Have you thought about trying IVIG vs. SCIG or is this not an option in the UK and you'd have to go to Belgium to try it? I don't really have what I would label as "fatigue" and for me the problem is muscle weakness and dyspnea which prevent me from walking. I have noticed an increase in arm strength (while seated) from IVIG and an increase in my very low BP but this lasts for about two weeks and by the third week it is gone. It has not yet improved my autonomic or breathing issues but I never dreamed it would put the MCAS into remission so I am hopeful that as I increase the dose, it will lower the autoantibody and then I will be allowed to try RTX to really wipe out the antibody.

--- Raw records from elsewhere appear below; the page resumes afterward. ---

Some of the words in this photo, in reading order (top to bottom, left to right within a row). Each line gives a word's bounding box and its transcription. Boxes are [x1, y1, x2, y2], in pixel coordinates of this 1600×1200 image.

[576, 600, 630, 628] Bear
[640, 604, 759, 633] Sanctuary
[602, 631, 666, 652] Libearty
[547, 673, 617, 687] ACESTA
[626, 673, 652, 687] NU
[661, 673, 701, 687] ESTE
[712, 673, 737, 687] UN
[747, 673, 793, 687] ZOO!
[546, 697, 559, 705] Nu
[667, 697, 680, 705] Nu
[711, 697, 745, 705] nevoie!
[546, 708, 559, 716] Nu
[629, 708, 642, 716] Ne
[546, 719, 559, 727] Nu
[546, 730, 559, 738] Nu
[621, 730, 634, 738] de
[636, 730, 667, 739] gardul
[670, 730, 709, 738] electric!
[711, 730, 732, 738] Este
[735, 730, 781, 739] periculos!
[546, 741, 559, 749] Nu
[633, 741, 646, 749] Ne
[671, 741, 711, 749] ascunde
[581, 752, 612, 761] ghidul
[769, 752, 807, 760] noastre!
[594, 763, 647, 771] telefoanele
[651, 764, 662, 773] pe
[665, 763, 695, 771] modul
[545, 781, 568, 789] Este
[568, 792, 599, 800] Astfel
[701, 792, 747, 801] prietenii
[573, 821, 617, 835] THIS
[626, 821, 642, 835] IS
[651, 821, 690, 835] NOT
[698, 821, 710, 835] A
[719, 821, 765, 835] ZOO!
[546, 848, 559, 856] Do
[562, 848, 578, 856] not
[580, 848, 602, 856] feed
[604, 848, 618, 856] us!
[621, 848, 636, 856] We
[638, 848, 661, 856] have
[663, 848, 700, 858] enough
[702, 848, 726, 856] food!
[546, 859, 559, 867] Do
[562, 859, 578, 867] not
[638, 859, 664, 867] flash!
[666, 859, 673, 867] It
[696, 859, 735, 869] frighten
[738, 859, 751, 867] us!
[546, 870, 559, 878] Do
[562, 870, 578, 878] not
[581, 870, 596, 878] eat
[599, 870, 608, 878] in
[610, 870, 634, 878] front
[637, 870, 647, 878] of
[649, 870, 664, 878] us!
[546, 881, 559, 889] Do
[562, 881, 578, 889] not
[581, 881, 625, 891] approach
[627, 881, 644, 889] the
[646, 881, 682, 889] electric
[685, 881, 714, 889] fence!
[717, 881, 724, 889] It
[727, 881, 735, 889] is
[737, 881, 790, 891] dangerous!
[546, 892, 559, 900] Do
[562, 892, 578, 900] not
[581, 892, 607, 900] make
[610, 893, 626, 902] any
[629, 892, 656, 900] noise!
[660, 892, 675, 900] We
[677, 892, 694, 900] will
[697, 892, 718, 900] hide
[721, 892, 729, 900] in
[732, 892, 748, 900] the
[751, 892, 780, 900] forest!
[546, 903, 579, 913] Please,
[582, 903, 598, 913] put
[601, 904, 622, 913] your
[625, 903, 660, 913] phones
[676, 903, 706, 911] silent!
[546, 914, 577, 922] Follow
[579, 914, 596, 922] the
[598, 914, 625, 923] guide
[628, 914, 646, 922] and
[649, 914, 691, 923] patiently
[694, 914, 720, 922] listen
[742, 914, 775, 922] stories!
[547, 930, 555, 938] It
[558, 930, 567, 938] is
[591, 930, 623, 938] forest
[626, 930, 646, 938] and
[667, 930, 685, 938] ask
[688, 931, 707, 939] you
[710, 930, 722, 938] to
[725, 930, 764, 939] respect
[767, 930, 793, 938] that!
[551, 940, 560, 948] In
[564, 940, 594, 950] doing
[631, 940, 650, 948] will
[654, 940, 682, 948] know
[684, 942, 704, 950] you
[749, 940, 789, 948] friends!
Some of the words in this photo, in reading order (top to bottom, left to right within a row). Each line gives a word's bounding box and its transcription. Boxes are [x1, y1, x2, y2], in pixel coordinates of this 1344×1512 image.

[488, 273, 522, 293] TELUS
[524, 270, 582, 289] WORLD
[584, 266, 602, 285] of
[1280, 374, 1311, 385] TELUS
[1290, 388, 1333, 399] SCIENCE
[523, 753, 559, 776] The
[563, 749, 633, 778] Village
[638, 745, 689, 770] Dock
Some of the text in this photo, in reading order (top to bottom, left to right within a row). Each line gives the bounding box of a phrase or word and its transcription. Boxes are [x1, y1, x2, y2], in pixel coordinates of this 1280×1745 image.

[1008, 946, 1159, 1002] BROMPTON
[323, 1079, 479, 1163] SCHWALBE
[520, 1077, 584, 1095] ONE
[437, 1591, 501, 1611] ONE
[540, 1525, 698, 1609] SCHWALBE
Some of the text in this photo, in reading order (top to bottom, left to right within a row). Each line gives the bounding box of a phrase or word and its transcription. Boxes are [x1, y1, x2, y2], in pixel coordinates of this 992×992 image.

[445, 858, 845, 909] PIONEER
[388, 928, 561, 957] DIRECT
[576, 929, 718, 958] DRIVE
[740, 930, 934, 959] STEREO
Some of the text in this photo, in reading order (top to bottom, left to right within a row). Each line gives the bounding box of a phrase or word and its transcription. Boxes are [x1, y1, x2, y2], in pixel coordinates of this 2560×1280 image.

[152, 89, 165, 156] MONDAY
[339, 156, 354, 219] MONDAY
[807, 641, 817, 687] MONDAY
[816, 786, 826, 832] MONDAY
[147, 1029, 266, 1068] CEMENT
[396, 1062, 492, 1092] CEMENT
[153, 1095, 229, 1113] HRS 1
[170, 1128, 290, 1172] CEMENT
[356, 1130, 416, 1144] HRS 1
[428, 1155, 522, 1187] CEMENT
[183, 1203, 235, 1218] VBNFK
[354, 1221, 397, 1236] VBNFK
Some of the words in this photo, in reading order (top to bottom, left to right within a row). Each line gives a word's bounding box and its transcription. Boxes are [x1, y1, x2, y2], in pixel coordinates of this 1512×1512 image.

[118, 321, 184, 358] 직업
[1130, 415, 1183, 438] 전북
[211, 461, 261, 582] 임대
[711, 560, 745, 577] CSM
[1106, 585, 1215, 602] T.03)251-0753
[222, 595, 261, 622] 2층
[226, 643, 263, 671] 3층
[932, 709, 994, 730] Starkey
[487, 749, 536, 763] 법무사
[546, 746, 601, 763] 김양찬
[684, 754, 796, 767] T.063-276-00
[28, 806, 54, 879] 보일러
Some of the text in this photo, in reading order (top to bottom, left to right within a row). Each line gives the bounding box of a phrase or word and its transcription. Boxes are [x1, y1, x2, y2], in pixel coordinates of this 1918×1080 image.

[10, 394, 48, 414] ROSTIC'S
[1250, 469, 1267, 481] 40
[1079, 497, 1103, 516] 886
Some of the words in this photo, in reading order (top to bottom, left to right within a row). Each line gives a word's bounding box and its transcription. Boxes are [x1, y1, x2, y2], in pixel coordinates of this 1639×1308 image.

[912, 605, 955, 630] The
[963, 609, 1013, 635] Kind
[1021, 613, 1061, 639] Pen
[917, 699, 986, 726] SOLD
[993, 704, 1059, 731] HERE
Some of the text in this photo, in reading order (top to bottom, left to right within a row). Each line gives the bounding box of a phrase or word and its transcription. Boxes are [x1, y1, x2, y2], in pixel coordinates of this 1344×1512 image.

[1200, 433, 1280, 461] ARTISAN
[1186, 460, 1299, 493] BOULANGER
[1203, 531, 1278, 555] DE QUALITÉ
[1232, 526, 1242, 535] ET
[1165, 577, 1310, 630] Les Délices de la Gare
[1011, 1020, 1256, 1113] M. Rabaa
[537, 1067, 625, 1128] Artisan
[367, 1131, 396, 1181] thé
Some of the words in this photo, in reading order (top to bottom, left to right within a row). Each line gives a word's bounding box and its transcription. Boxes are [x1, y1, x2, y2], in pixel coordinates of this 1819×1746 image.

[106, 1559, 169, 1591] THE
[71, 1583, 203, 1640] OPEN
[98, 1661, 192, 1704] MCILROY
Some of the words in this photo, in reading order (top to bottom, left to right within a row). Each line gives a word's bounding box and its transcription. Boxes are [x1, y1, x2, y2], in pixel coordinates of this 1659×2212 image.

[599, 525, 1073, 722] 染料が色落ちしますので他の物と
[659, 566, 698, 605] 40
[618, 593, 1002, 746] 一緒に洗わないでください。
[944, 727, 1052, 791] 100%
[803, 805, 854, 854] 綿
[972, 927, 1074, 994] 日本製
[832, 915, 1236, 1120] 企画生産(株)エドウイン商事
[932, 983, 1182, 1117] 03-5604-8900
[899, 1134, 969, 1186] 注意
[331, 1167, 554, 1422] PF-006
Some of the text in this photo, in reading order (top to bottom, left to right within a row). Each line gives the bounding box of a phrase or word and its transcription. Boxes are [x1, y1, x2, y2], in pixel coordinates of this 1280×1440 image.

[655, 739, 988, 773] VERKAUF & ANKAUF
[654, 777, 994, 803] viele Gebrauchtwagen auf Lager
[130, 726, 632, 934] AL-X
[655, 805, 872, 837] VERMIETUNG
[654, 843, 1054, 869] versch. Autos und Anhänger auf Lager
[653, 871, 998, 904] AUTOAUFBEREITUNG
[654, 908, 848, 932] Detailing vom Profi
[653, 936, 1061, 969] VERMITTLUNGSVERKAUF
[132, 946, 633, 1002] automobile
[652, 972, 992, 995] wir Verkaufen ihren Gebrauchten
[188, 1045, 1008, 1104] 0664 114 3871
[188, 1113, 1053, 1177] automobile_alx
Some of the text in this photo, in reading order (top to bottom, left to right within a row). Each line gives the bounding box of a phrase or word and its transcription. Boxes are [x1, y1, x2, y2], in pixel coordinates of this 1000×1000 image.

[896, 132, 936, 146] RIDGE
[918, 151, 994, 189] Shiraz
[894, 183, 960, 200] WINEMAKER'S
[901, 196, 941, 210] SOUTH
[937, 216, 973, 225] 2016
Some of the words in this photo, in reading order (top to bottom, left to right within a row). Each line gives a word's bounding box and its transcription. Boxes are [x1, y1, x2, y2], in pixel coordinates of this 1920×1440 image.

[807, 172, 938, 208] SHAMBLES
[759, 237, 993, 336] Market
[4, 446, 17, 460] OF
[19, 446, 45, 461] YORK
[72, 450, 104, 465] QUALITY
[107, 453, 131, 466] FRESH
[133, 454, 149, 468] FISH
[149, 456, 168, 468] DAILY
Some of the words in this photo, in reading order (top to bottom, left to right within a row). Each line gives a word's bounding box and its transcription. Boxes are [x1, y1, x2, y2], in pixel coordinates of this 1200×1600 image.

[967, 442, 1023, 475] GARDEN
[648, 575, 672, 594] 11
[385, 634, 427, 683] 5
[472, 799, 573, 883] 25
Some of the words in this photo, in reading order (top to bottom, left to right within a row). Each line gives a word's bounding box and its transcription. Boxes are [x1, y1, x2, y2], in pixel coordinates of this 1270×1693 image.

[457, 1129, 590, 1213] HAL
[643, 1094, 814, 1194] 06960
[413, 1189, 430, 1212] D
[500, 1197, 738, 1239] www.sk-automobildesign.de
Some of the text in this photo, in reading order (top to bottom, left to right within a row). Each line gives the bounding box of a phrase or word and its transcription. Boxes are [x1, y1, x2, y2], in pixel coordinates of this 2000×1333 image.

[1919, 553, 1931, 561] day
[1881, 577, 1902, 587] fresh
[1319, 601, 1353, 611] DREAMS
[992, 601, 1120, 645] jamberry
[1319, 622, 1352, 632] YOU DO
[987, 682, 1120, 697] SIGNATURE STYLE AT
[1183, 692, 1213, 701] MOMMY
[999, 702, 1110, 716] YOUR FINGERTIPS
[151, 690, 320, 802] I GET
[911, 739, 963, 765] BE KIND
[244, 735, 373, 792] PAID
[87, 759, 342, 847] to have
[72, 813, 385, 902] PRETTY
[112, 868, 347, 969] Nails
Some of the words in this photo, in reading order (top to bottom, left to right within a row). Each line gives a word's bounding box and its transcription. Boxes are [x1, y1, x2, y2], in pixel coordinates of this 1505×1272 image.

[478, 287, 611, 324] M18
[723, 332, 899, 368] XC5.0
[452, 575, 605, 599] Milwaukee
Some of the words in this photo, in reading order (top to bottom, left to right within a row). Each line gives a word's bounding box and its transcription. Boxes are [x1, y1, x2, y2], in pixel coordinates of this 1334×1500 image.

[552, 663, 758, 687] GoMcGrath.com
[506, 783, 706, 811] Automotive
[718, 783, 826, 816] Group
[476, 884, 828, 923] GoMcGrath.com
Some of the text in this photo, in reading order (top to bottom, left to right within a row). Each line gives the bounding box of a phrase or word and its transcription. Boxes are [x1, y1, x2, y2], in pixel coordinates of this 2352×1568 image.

No clear ideas as to why intravenous immunoglobulin has put your mast cell activation syndrome into remission,... but maybe you have made medical history.
I doubt I have made medical history but I do wonder how common vs. rare this is?
Although since viral, fungal and bacterial infections can all cause mast cell activation, one could speculate that you may have had some chronic infection underpinning your MCAS, which the IVIG wiped out, or brought under control. But that is just my uneducated guess, as I know next to nothing about MCAS.
Anything is possible and I am certain that toxic mold exposure was the final trigger (but not the only trigger) of my MCAS. I feel that somehow the IVIG has modulated my immune system back to the center and away from the mold reaction, away from viruses, and most crucial, away from the crazy allergic reactions to food. I am still avoiding dyes and preservatives and the absolute highest histamine offenders to be safe but for all I know, even those might be okay now?
I don't feel that it has yet gotten the dysautonomia or autoantibodies under control which I suspect are weakening my muscles and breathing. If it could do that, it would be a dream come true. Am supposed to see my Neuro after IVIG #3 and if she works in conjunction with my ME/CFS and MCAS docs, am hoping that my insurance will allow me to increase to the higher dose. I really want the opportunity to try the autoimmune dosing in the future.